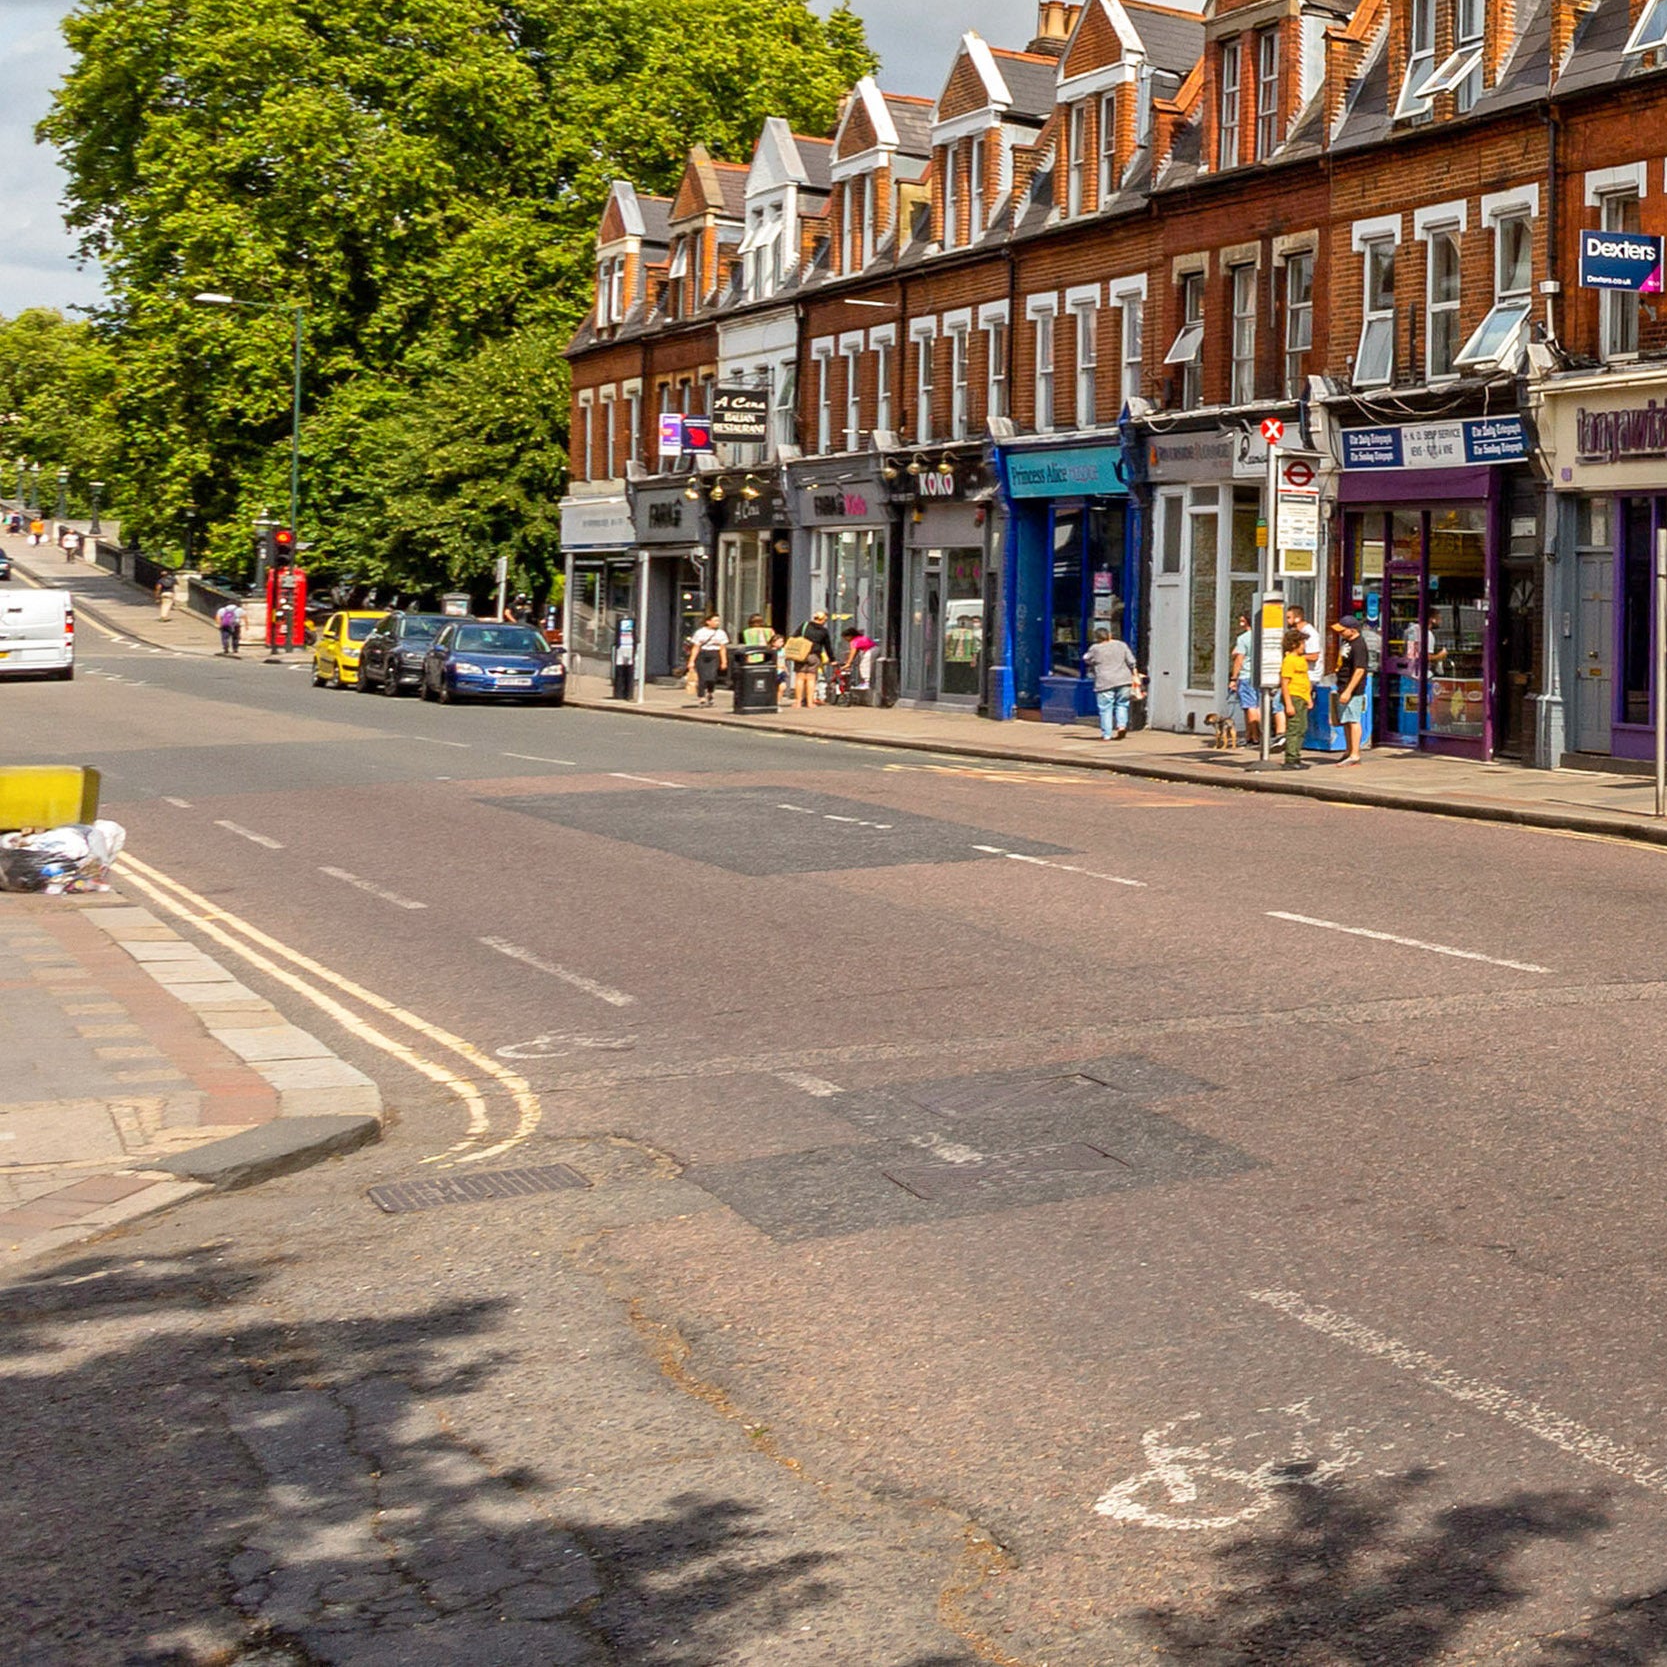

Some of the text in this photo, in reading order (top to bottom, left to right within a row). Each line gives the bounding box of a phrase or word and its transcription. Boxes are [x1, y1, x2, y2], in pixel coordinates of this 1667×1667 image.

[1586, 238, 1656, 261] Dexters
[1586, 275, 1632, 286] Dexters.co.uk
[731, 396, 766, 410] Cena
[724, 413, 756, 423] ITALIAN
[713, 423, 766, 434] RESTAURANT
[1265, 421, 1280, 439] X
[1011, 464, 1045, 486] Princess
[1046, 462, 1068, 484] Alice
[918, 471, 954, 496] KOKO

**THE TASK:**
What you return must be the entries above, exactly as they appear, without any pictures.

**RESPONSE TO THIS EXERCISE:**
Some of the text in this photo, in reading order (top to bottom, left to right within a row). Each line gives the bounding box of a phrase or word and its transcription. Boxes are [x1, y1, x2, y2], in pixel coordinates of this 1667×1667 image.

[1586, 238, 1656, 261] Dexters
[1586, 275, 1632, 286] Dexters.co.uk
[731, 396, 766, 410] Cena
[724, 413, 756, 423] ITALIAN
[713, 423, 766, 434] RESTAURANT
[1265, 421, 1280, 439] X
[1011, 464, 1045, 486] Princess
[1046, 462, 1068, 484] Alice
[918, 471, 954, 496] KOKO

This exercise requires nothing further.